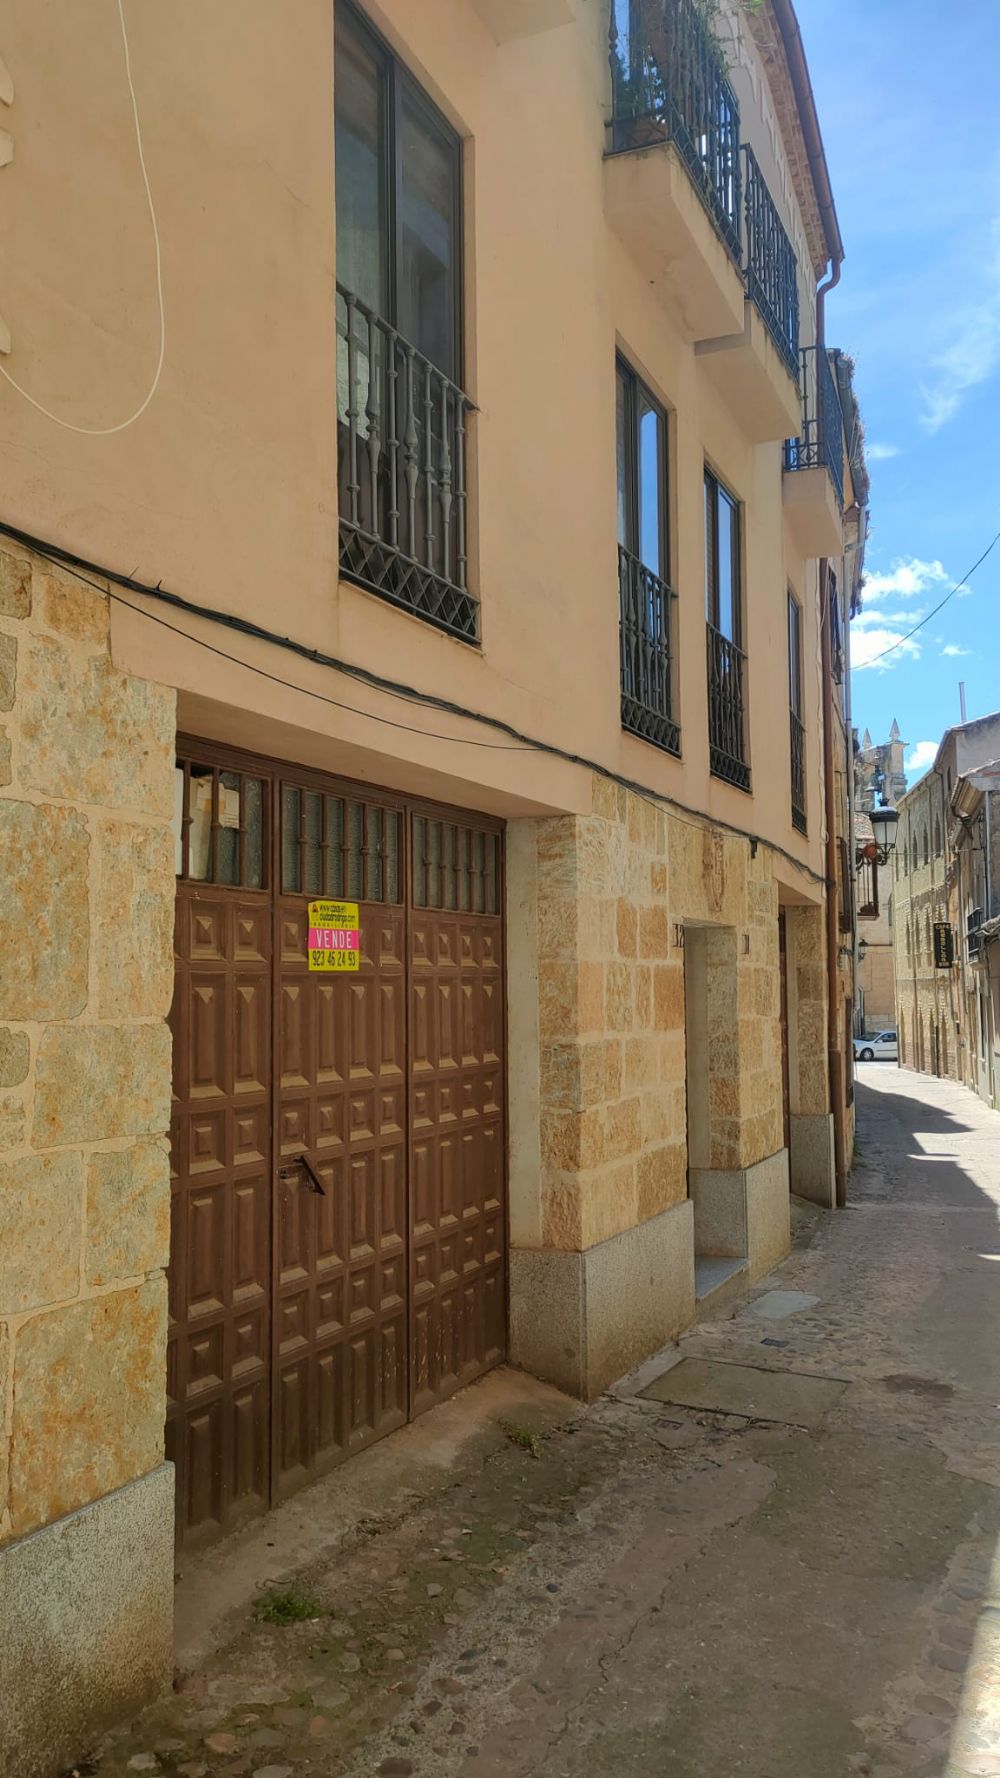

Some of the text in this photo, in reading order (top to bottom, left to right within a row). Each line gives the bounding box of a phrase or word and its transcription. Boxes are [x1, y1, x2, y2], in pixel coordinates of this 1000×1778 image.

[316, 930, 352, 949] VENDE
[312, 951, 325, 966] 923
[337, 952, 346, 967] 24
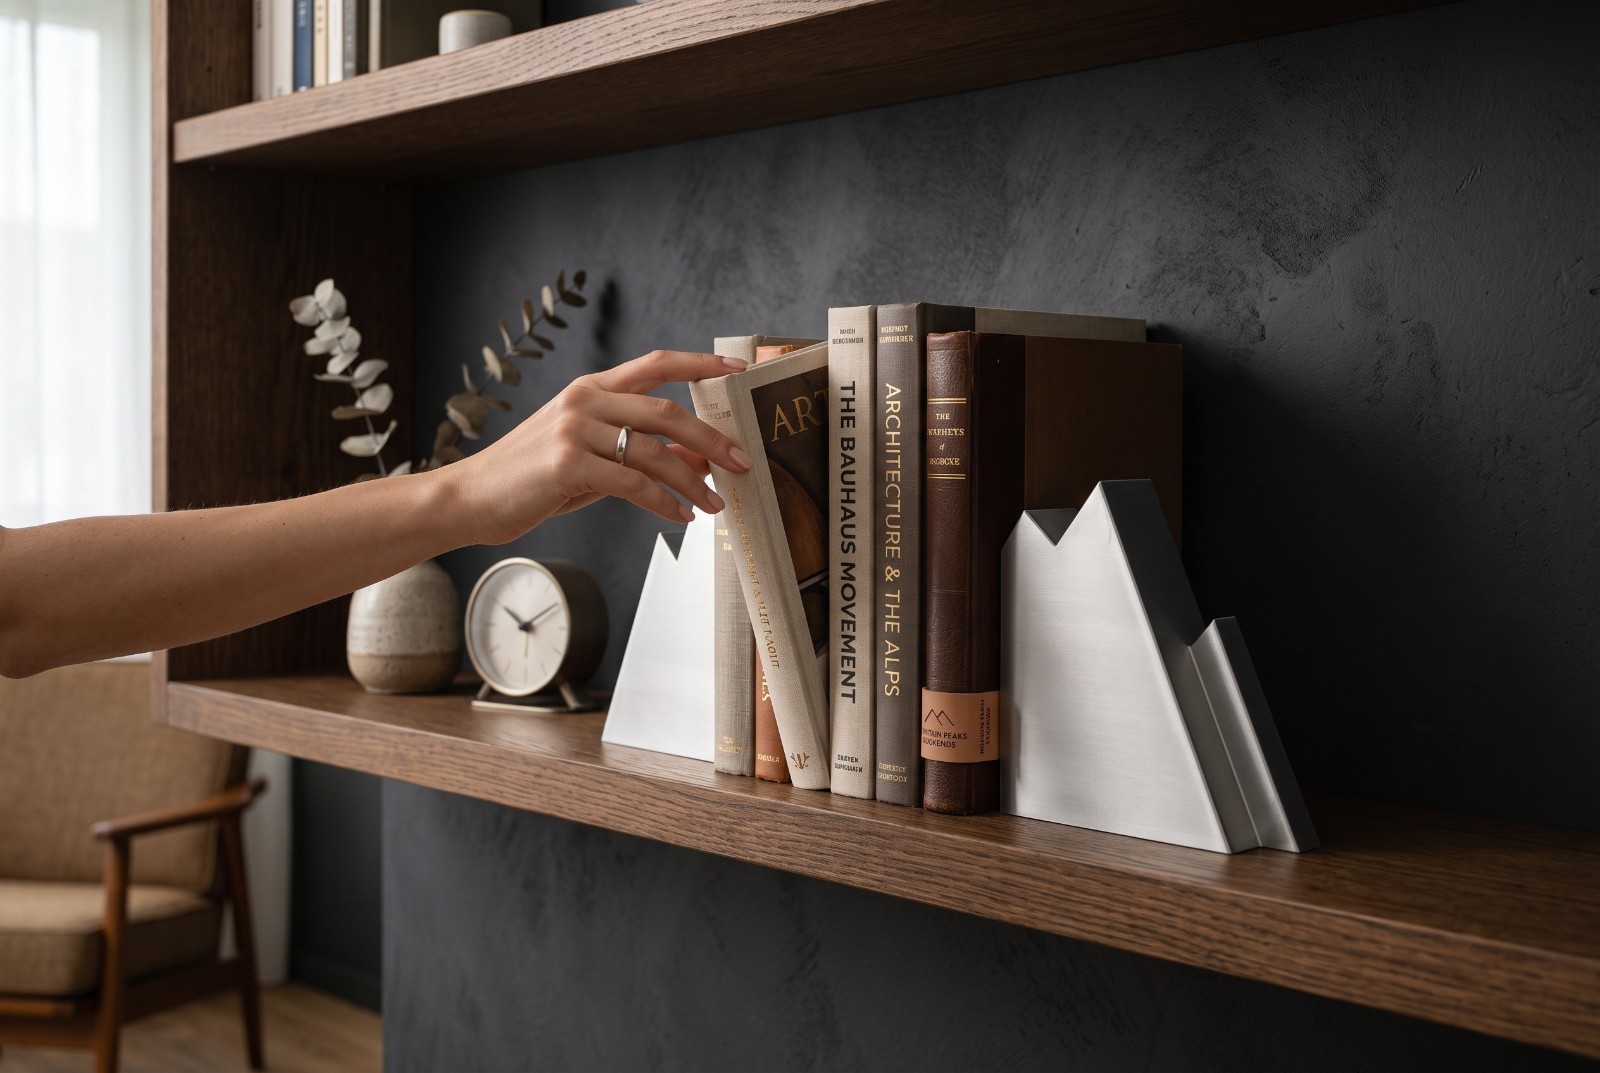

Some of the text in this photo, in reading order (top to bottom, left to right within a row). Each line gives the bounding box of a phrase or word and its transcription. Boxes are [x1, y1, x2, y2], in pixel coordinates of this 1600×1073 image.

[935, 412, 951, 420] THE
[839, 381, 857, 704] THE BAUHAUS MOVEMENT
[884, 383, 902, 696] ARCHITECTURE & THE ALPS
[943, 732, 968, 740] PEAKS
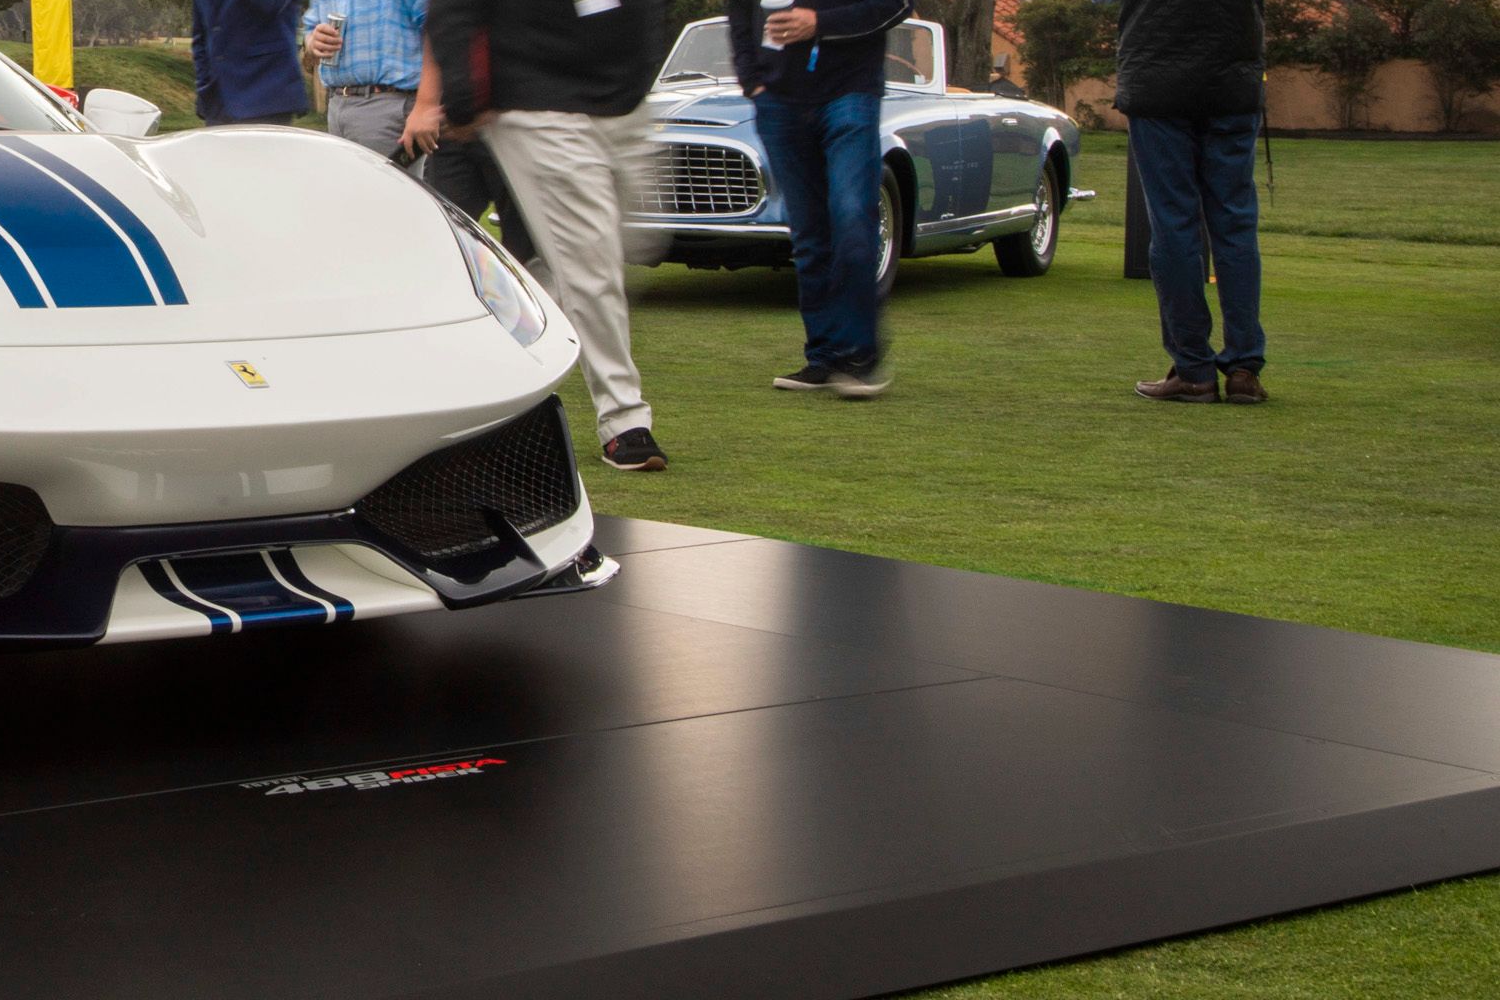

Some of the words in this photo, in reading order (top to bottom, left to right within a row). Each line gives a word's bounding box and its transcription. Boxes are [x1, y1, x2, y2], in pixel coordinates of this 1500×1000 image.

[265, 771, 390, 796] 488
[389, 758, 507, 780] PISTA
[354, 767, 485, 791] SPIDER
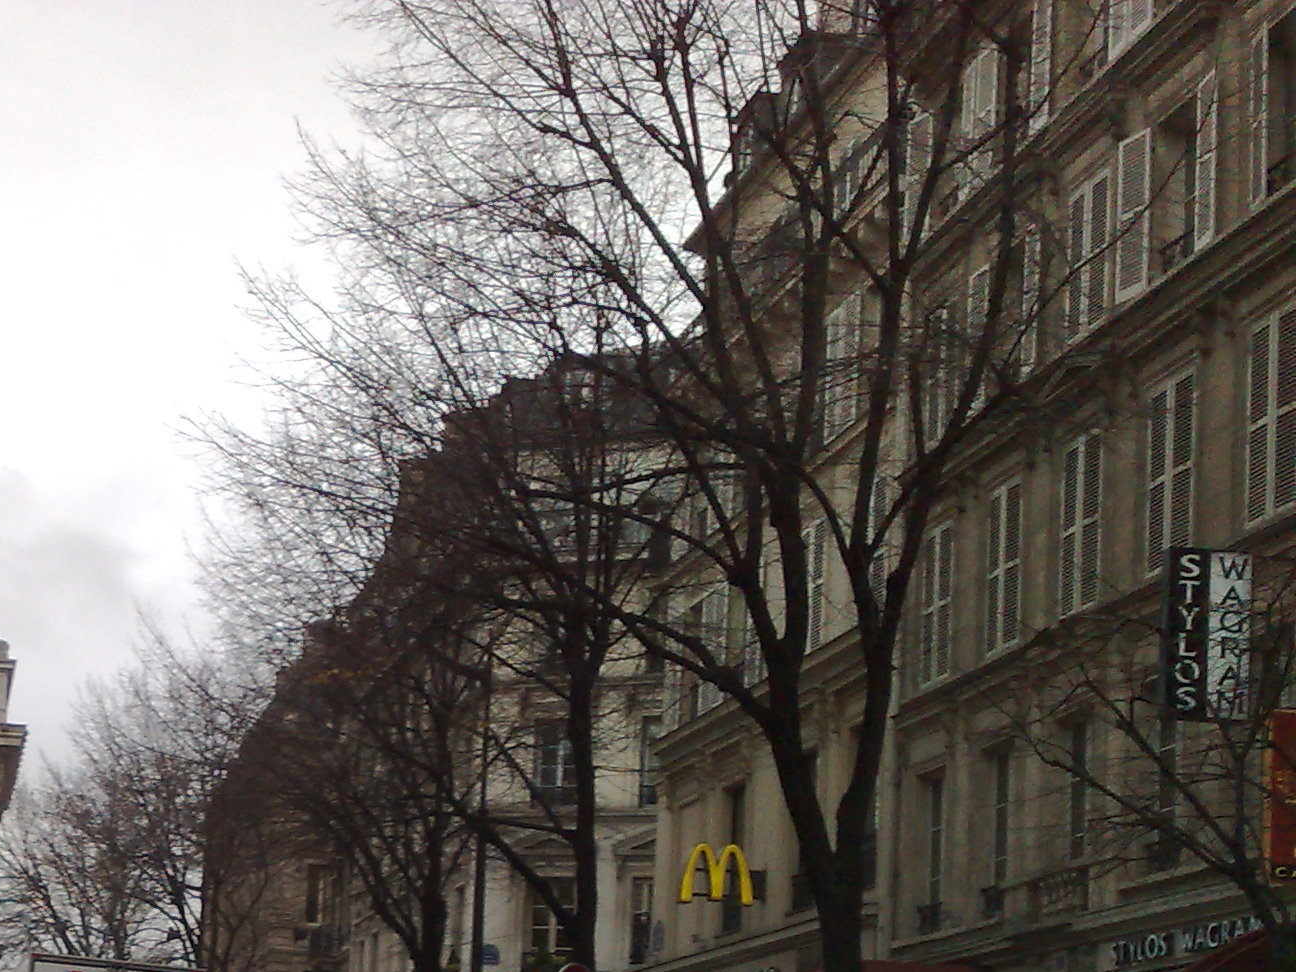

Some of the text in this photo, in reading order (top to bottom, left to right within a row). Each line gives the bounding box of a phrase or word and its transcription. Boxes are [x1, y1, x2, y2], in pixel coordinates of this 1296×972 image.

[1174, 553, 1201, 712] STYLOS
[1217, 555, 1249, 715] WAGRAM
[1111, 933, 1167, 965] STYLOS

Work required
Everything from the line containing "this 1296×972 image." through the final line above must be copied exactly, with both ends kept.

Solved exercise
Some of the text in this photo, in reading order (top to bottom, left to right within a row). Each line gives the bounding box of a phrase or word and its transcription. Boxes are [x1, y1, x2, y2], in pixel coordinates of this 1296×972 image.

[1174, 553, 1201, 712] STYLOS
[1217, 555, 1249, 715] WAGRAM
[1111, 933, 1167, 965] STYLOS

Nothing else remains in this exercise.